The Office of Police Accountability said in a statement that it opened an investigation into Officer Auderer’s comments immediately after it learned about them on Aug. 2. The office said it would not comment further until the investigation was finished. It has until Jan. 29 to release findings.
Seattle residents have expressed anger that no charges have been filed against Officer Kevin A. Dave, who was driving the police S.U.V. that struck Ms. Kandula. He was responding to a “Priority 1 emergency call” and was “clearing intersections with his siren” and emergency lights when he crashed into Ms. Kandula in a crosswalk at about 8 p.m., the police have said.
A police report on the crash, reported by The Seattle Times, PubliCola and other news outlets, said Officer Dave had been responding to an overdose call and driving 74 miles per hour in a 25-m.p.h. zone when he struck Ms. Kandula. She was in critical condition when she was taken to a hospital, where she died, the police said.
Officer Auderer responded to the crash scene to evaluate Officer Dave for signs of impairment and found none, the report said.

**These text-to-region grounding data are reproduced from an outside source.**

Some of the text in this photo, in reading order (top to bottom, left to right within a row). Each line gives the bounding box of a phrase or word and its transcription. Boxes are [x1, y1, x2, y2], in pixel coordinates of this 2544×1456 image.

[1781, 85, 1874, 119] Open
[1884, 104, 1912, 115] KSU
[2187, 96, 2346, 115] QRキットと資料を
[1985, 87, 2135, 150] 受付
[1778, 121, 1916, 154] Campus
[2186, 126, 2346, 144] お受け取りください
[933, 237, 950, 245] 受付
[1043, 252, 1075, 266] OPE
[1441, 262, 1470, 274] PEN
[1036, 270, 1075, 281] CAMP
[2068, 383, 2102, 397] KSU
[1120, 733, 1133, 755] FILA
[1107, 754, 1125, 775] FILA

The Police Department released the video of Officer Auderer talking about Ms. Kandula’s death on Sept. 11. It said that a department employee had identified the video “in the routine course of business” and had escalated the matter through the chain of command.
The chief’s office then reviewed the video and referred it to the Office of Police Accountability, which investigates complaints of police misconduct. The department said it could not comment on the video until the office had completed its investigation.

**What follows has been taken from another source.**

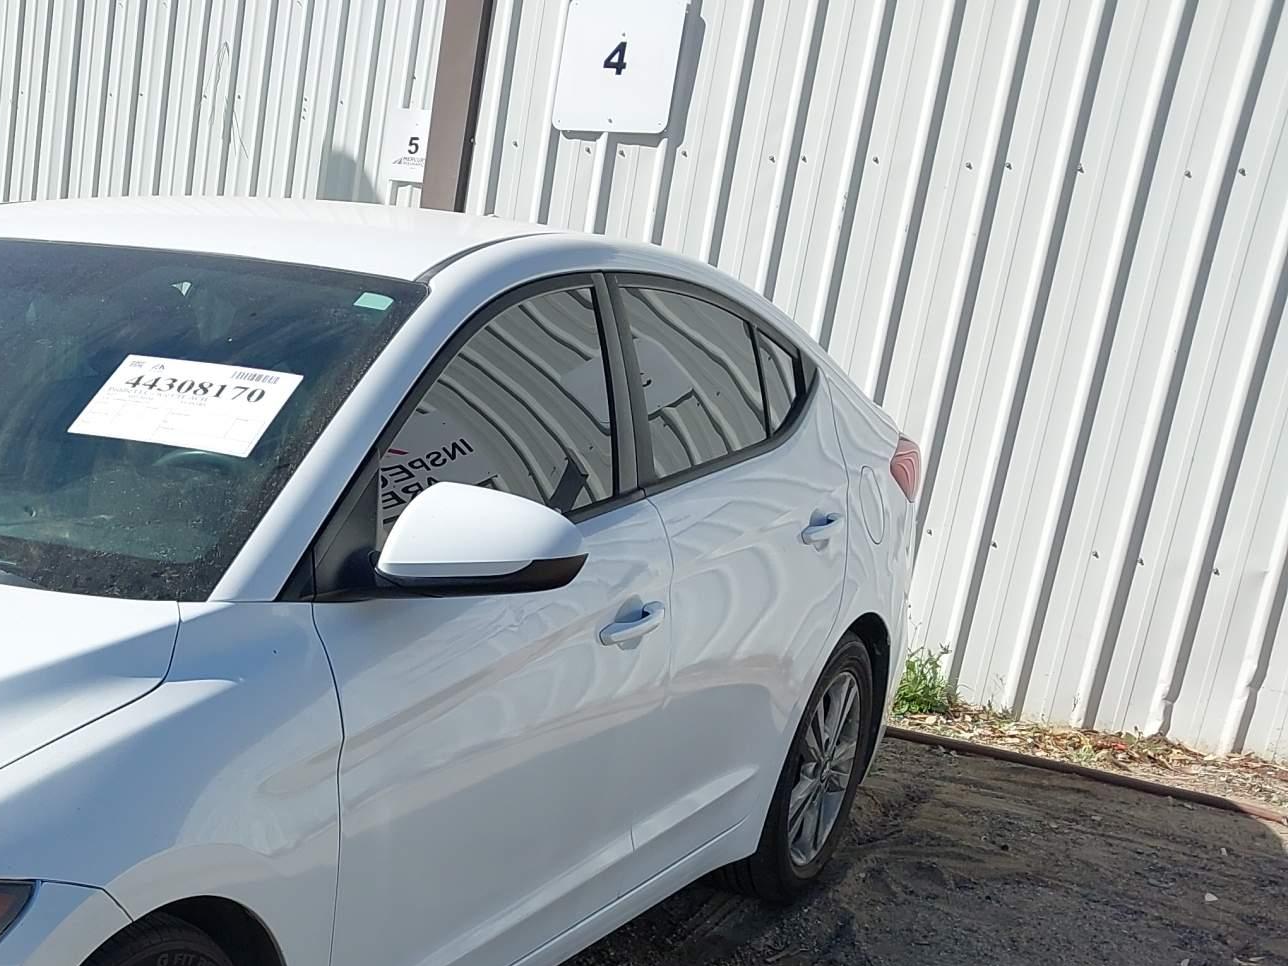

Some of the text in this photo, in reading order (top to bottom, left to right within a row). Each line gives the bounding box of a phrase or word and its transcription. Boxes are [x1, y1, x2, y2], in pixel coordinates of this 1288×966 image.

[603, 41, 627, 75] 4
[407, 136, 420, 154] 5
[125, 374, 266, 404] 44308170

“As others in the accountability system proceed with their work, we again extend our deepest sympathy for this tragic collision,” the department said.

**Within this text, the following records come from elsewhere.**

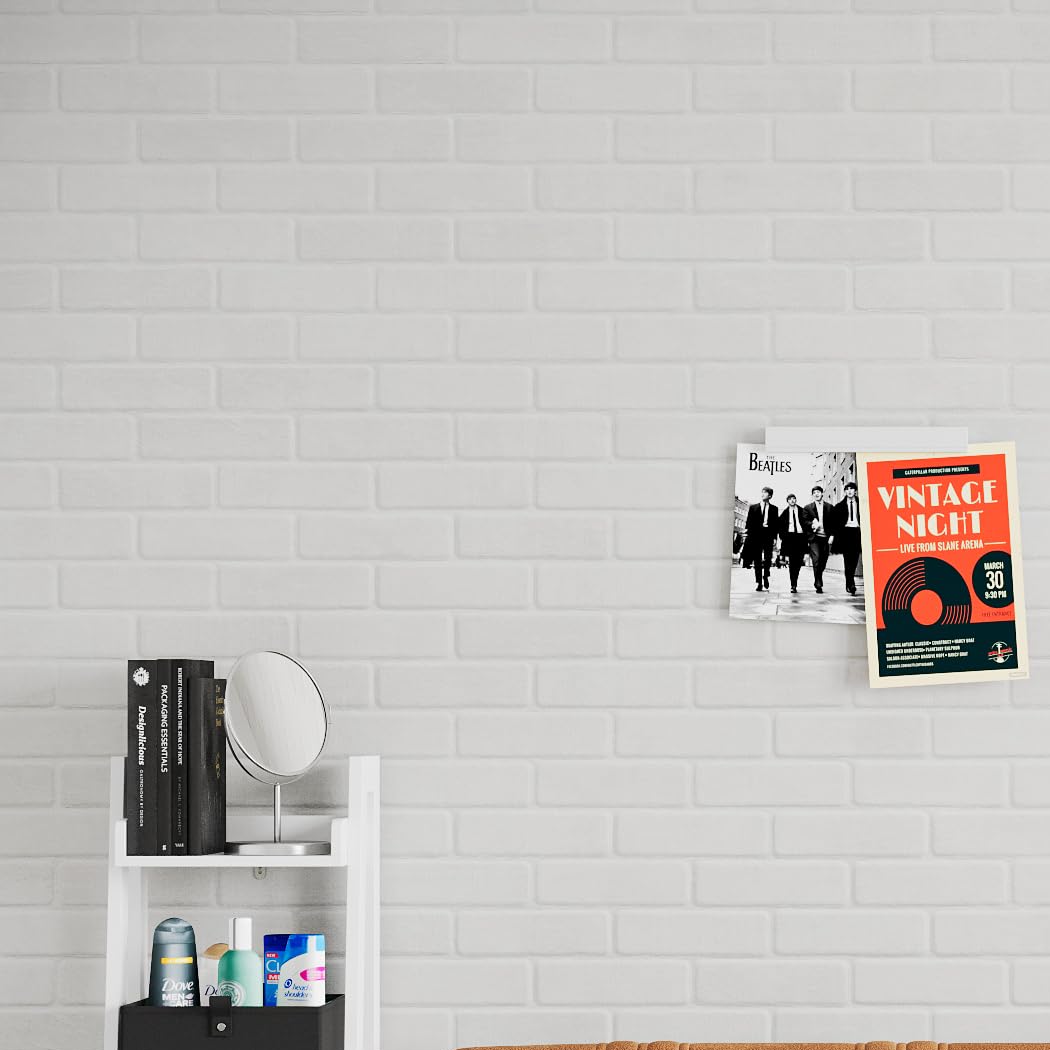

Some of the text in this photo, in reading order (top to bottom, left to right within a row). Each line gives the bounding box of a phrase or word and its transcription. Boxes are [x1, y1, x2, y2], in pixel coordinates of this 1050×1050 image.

[749, 452, 792, 476] BEATLES
[877, 480, 998, 510] VINTAGE
[896, 510, 984, 538] NIGHT
[900, 540, 984, 554] LIVE FROM SLANE ARENA
[984, 562, 1004, 570] MARCH
[986, 570, 1004, 590] 30
[984, 590, 1007, 599] 9:30 PM
[136, 706, 146, 766] Designlicious
[160, 684, 168, 772] PACKAGING ESSENTIALS
[266, 960, 280, 972] CL
[162, 978, 194, 991] Dove

In a letter to the director of the accountability office that was dated Aug. 8 and released last week by the police union, Officer Auderer said he had called Officer Solan on his drive home to update him on the crash. During that call, Officer Solan “stated something to the effect that it was unfortunate that this would turn into lawyers arguing ‘the value of human life,’” Officer Auderer wrote.
Officer Auderer said he had responded with the comments heard in the video about the “limited value” of Ms. Kandula’s life.
“I intended the comment as a mockery of lawyers,” Officer Auderer wrote. “I was imitating what a lawyer tasked with negotiating the case would be saying and being sarcastic to express that they shouldn’t be coming up with crazy arguments to minimize the payment. I laughed at the ridiculousness of how these incidents are litigated and the ridiculousness of how I have watched these incidents play out as two parties bargain over a tragedy.”
The Seattle Police Officers Guild said in a statement that Officer Auderer’s comments were “highly insensitive” and had “revictimized” Ms. Kandula’s family. But the video lacked context, the union said.
“There is much more detail and nuance that has not been made public yet,” the guild said. It added that Officer Auderer had asked the Office of Police Accountability to investigate the matter swiftly, four weeks before the video was released.
Joel Merkel, a co-chairman of the Seattle Community Police Commission, a panel that seeks to represent community perspectives on the police, said the comments in the video minimized the value of Ms. Kandula’s life and the need for accountability in the fatal crash.
“There is no context in which these comments and sentiments are acceptable,” Mr. Merkel said in an interview. “And it’s especially alarming that it’s leadership within the police union that harbors these sentiments.”
Susan C. Beachy contributed research.